タクシーを降りると、私達はアクロスブルーラインの横にある細長い通路、これはこの橋の管理室へと繋がる道だが、その前に停めてあったブレイブホースを借りた。これは事情を説明したら、ミラー夫人が用意してくれたものだった。二台のブレイブホースで、私達は光の神殿の方へと向かった。
何時間も移動に費やし、ルミネラ平原は夕色に染まり、すぐに空は暗くなり、藍色に変わった。そして満天の星空の下、光の神殿の手前に到着した我々は、ブレイブホースを石で出来た建物の陰に止めた。
この地は大きな半島の上にあり、光の神殿は崖っぷちに建てられているので、跡地の両サイドには海がある。微かに、潮の香りがした。
光の神殿の前には、遥か昔にこの地に存在していた、一つの街が廃墟化していて、今となっては、その建物の石畳の残壁が、草原の上に広がっている。
ジェーンによるとこの街は昔、ブラウンプラントと呼ばれる荒野地帯だったようだ。彼のお祖母様は、この街に存在していた魔術学園で教鞭をとっていたらしい。なるほど、その頭の良さは血筋なのだと思った。
我々はレジスタンス軍を探すべき、適当な隠れ場所を見つけると、リュックからライダースーツを取り出して皆で着替えた。
そしてそれが終わると、リンとジェーンは銃を手に持ち、私とクラースさんはそのまま、建物の影を縫うようにして進み始めた。歩みを進めるにつれ、跡地の上空が魔術の光でパッと照らされたり、銃声や叫び声が聞こえたりするようになった。
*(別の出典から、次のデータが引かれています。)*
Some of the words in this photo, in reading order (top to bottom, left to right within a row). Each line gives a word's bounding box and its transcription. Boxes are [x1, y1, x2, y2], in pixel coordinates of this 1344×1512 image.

漸く、敵なのかレジスタンスなのか、兵士達が戦っている様子を見ることが出来た。私達は隠れて、彼らが戦っている様子を見た。剣や槍をぶつけて、その後方で互いの魔術兵や射撃兵が撃ち合いをしている。私の隣に来たクラースさんが小声で言った。
「あの白い鎧を着たのが、新光騎士団だろう。すると、あの白色に青のラインが入っている鎧は、レジスタンスの兵士だろうな。前のルミネラ皇帝の時の、騎士団の防具だ。するとあの、ちょっと遠くでぼーっと突っ立っているのが、光の神殿のゴーレムか?」
え?……確かに、彼らの戦闘を見守るように、建物の影に、金属とも粘土とも見える、滑らかで硬い素材で作られたゴーレムが、立ち尽くしていた。
まあ、まだここは光の神殿から遠い場所なので、彼らもそこまで重要視はしていないのだろうが、じっと見つめて立っているので、ちょっと笑えた。私が皆の方を振り向くと、リンがしきりにウォッフォンで写真を撮っていた。
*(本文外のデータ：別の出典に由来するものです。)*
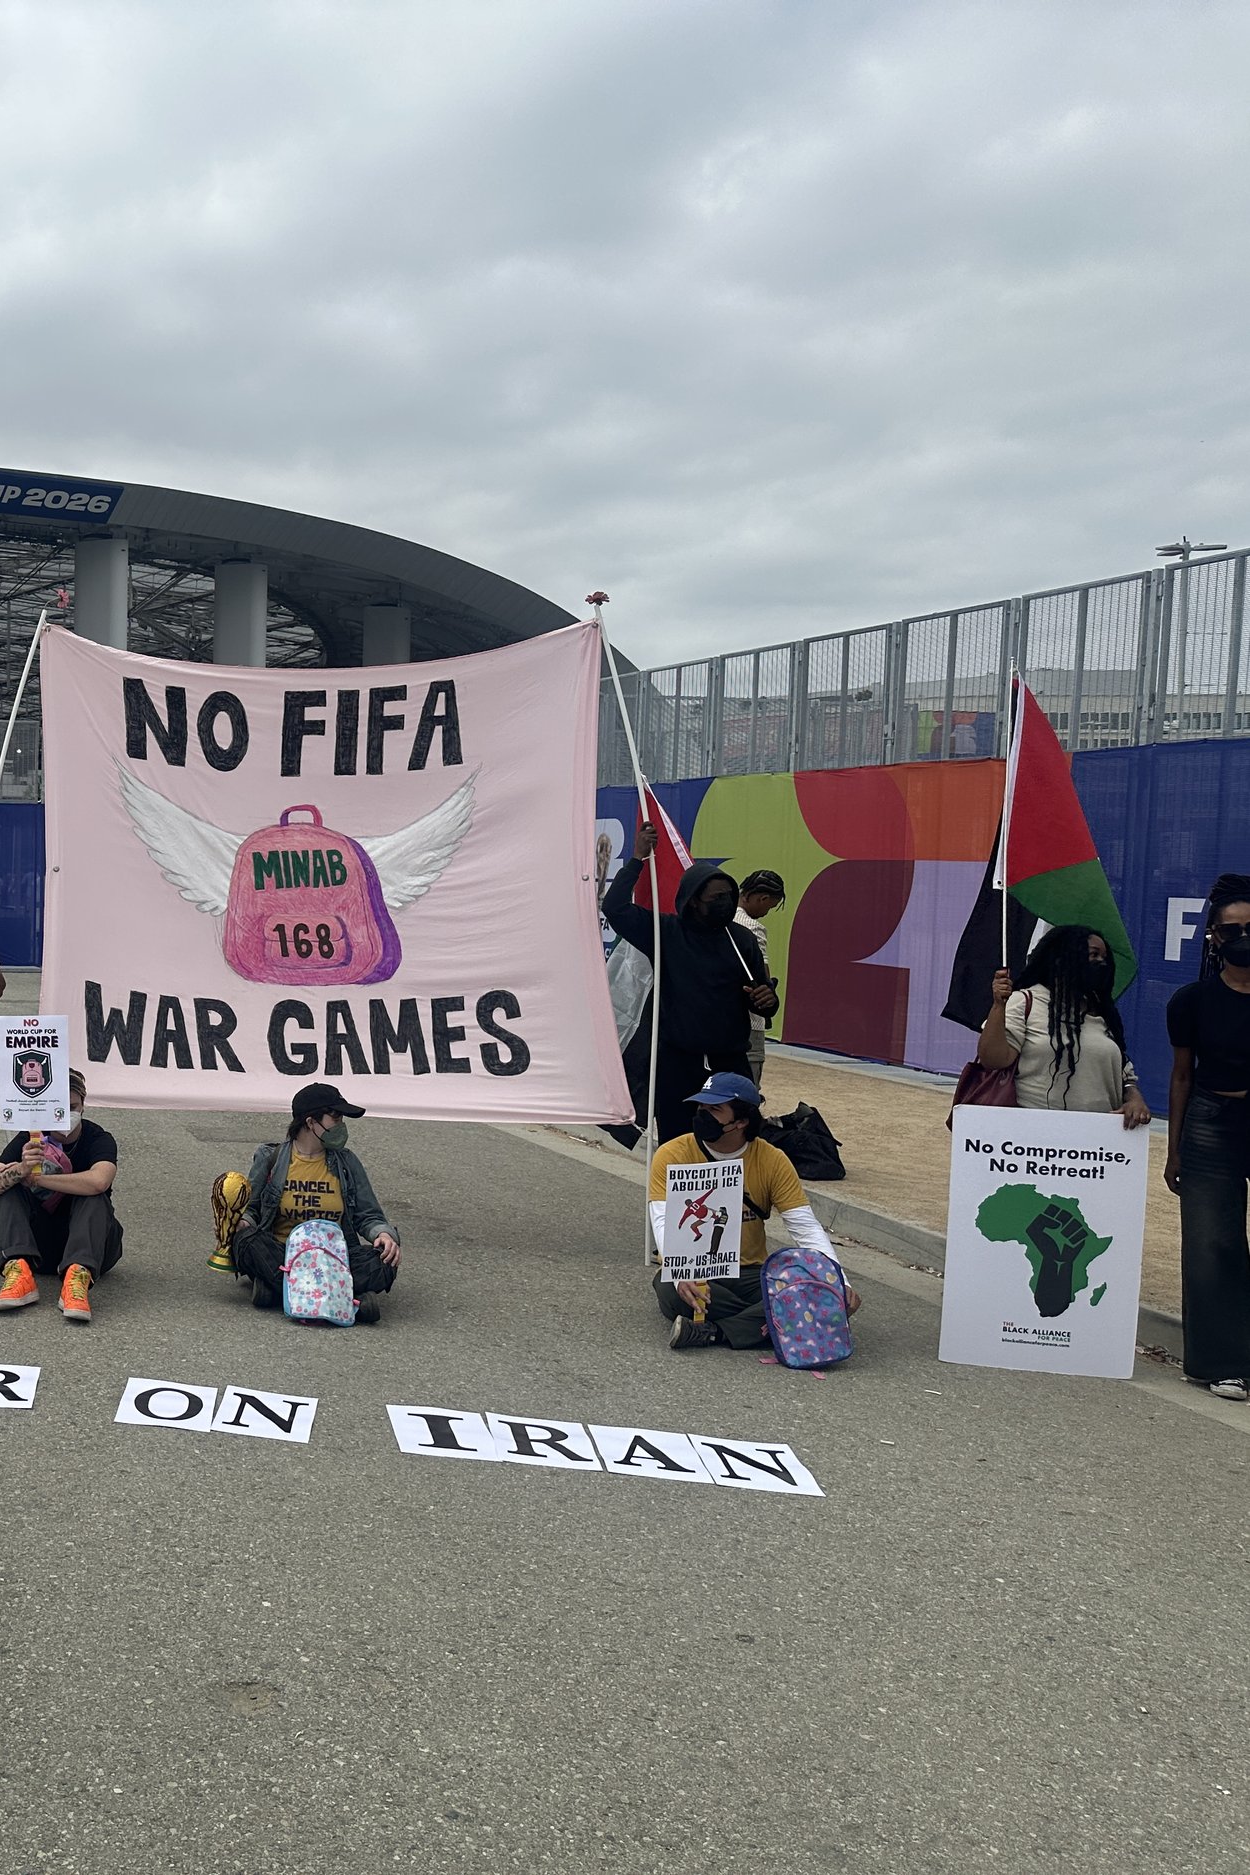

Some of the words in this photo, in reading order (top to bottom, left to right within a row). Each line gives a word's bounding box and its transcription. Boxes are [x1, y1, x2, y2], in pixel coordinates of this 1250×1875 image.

[21, 487, 112, 514] 2026
[121, 676, 249, 772] NO
[280, 678, 463, 777] FIFA
[251, 848, 348, 890] MINAB
[272, 922, 336, 960] 168
[23, 1019, 39, 1027] NO
[84, 980, 246, 1073] WAR
[266, 989, 532, 1076] GAMES
[5, 1036, 59, 1048] EMPIRE
[964, 1138, 994, 1153] No
[1000, 1141, 1131, 1165] Compromise,
[669, 1167, 718, 1180] BOYCOTT
[721, 1165, 742, 1177] FIFA
[989, 1158, 1018, 1174] No
[1026, 1160, 1105, 1180] Retreat!
[672, 1179, 718, 1192] ABOLISH
[722, 1176, 739, 1188] ICE
[293, 1194, 321, 1207] THE
[279, 1207, 342, 1221] LYMPICS
[664, 1256, 687, 1268] STOP
[671, 1268, 691, 1280] WAR
[693, 1265, 730, 1279] MACHINE
[1002, 1326, 1029, 1334] BLACK
[1032, 1329, 1071, 1337] ALLIANCE
[134, 1387, 308, 1433] ON
[407, 1412, 798, 1487] IRAN
「と、とにかく、白と青の方へ行ってみようか……。リン、シャッター音がうるさい。」
「あ、ごめんごめん。ちょっと撮っちゃった、えへへ。」
彼女は棒読みでそう答えた。この見えない壁も、全ては私のせいで作られたものだ。これから起こるであろう出来事に、私は震えながらも、歩みを進めた。